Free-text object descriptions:
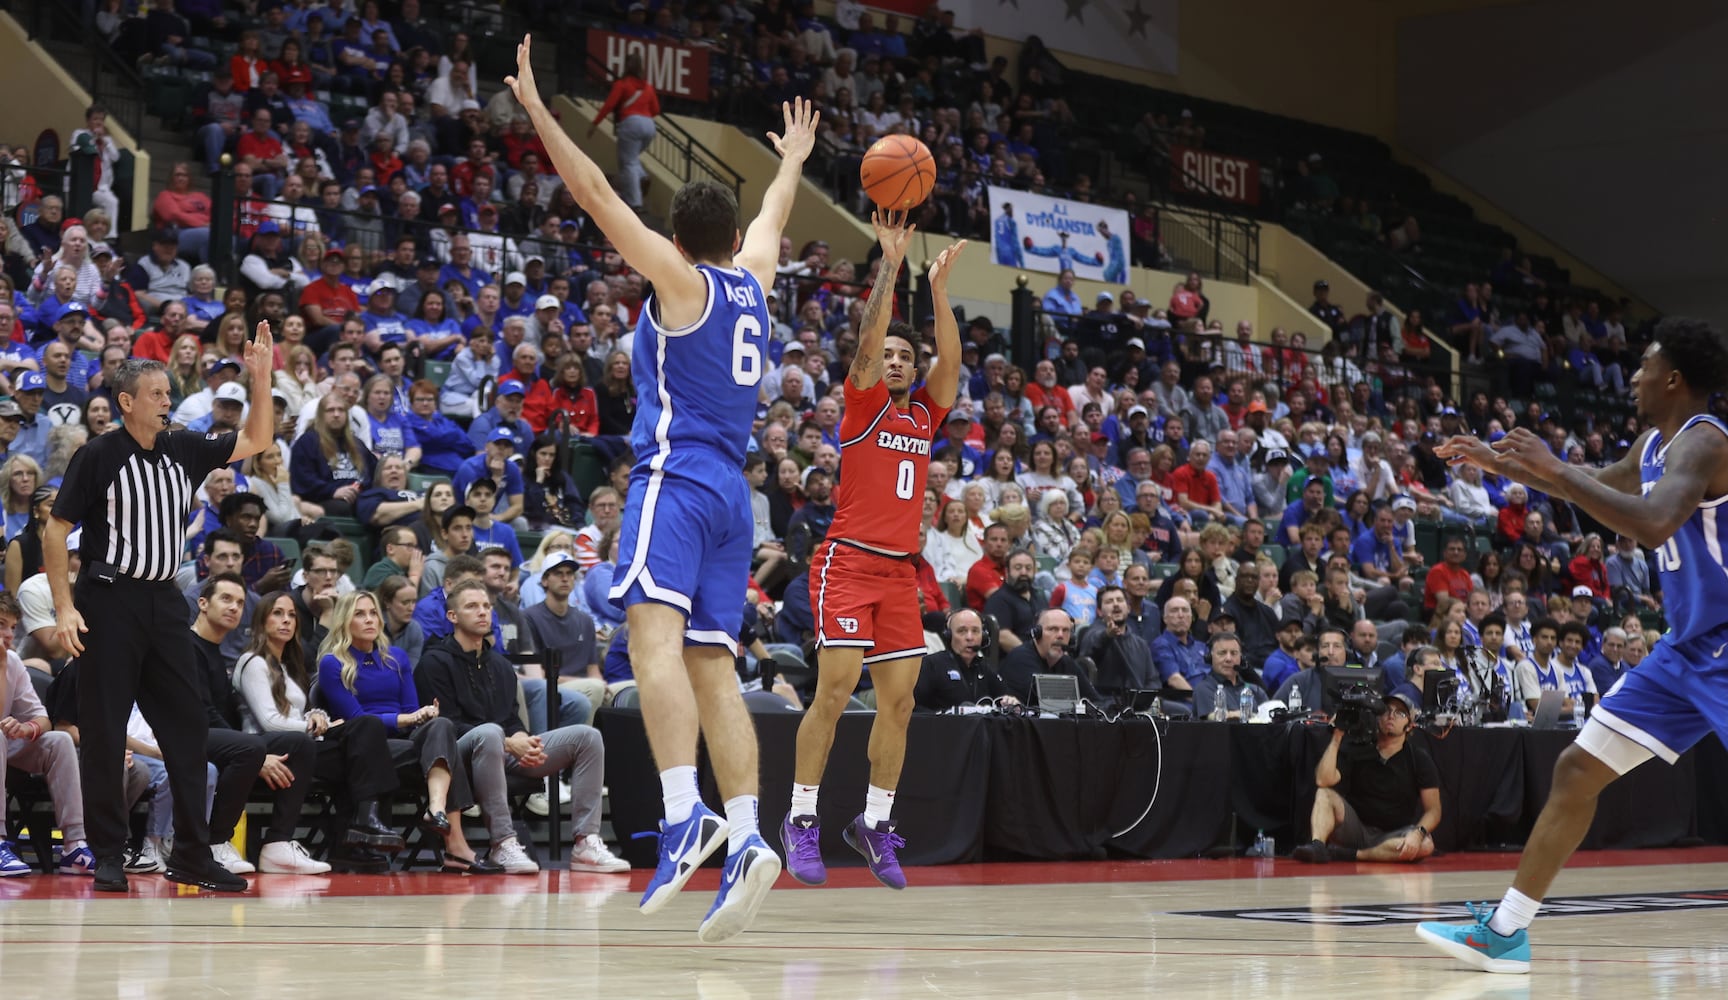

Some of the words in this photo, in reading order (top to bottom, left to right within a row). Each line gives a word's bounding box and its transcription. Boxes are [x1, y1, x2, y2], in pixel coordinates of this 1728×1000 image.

[606, 36, 691, 95] HOME
[1182, 151, 1249, 200] GUEST
[732, 313, 762, 387] 6
[896, 459, 915, 501] 0
[1654, 536, 1682, 573] 10
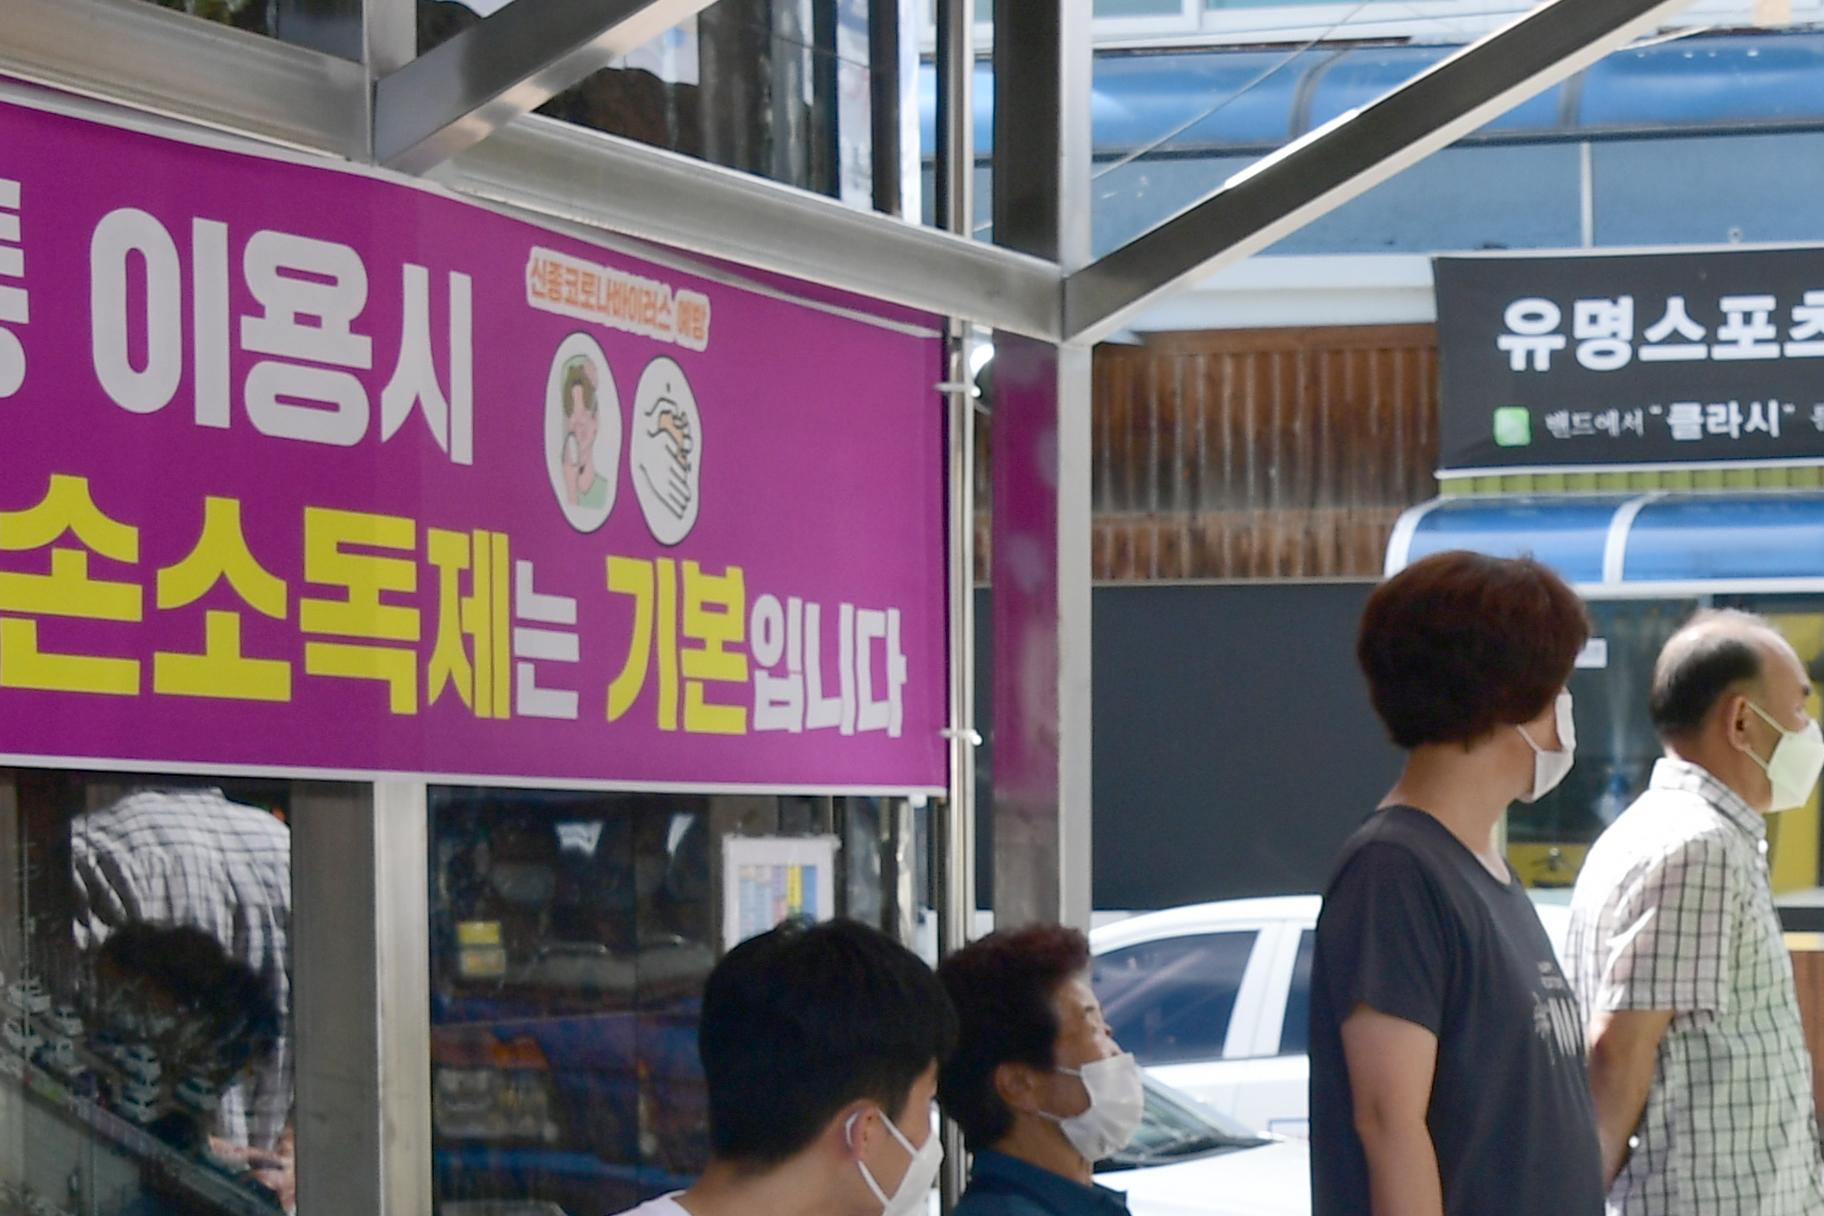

What is being asked >>
Write out all the records again, exactly, minus any pictures.

Answer for this exercise >>
Some of the words in this photo, in reading order (top to bottom, left to right within a row). Each line gives a word's bounding box and its transcription. Boxes are [x1, y1, x2, y2], in pixel coordinates of this 1728×1000 image.

[606, 36, 691, 95] HOME
[1182, 151, 1249, 200] GUEST
[732, 313, 762, 387] 6
[896, 459, 915, 501] 0
[1654, 536, 1682, 573] 10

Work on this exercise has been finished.